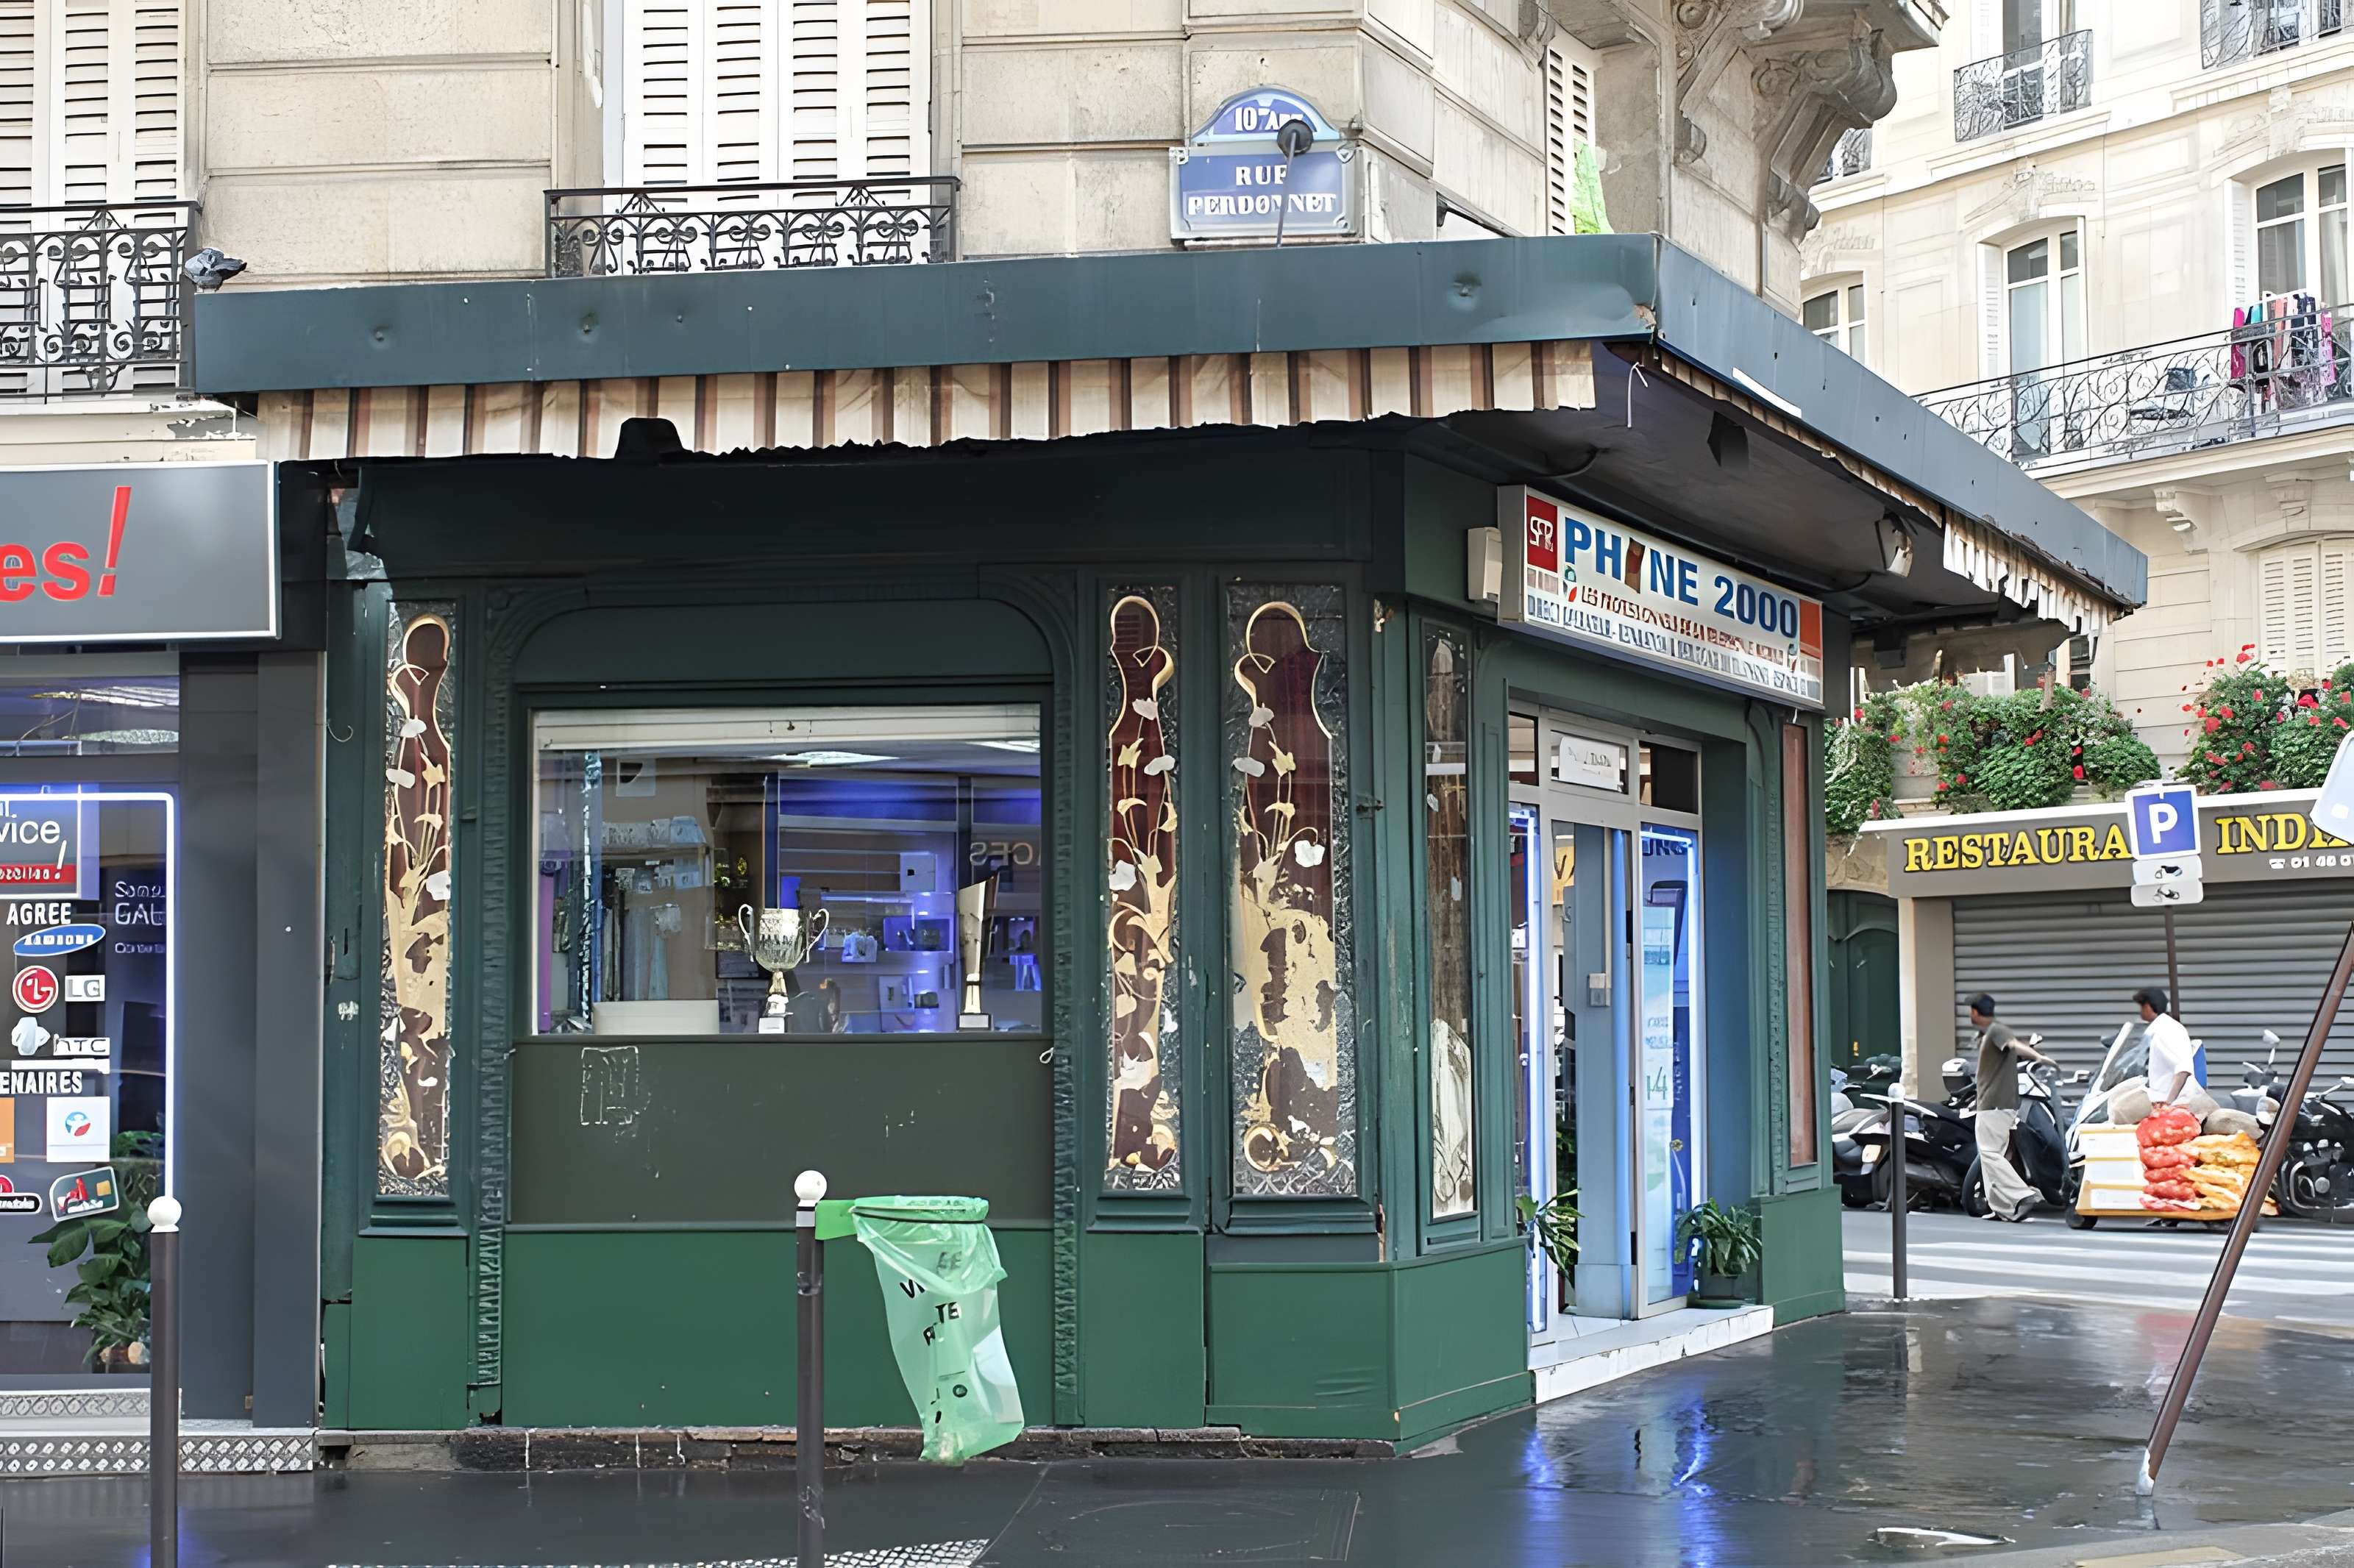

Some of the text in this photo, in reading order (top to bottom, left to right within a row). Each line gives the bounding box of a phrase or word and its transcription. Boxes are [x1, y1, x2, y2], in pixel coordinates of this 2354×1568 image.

[1236, 165, 1287, 185] RUE
[1714, 575, 1798, 639] 2000
[2149, 803, 2178, 844] P
[1903, 823, 2133, 873] RESTAURA
[6, 902, 71, 925] AGREE

☆ ☆ ☆

◆ Problem to work on
What you return should match the entries word for word, pictures aside.

◆ Written response
Some of the text in this photo, in reading order (top to bottom, left to right within a row). Each line gives the bounding box of a phrase or word and its transcription. Boxes are [x1, y1, x2, y2], in pixel coordinates of this 2354×1568 image.

[1236, 165, 1287, 185] RUE
[1714, 575, 1798, 639] 2000
[2149, 803, 2178, 844] P
[1903, 823, 2133, 873] RESTAURA
[6, 902, 71, 925] AGREE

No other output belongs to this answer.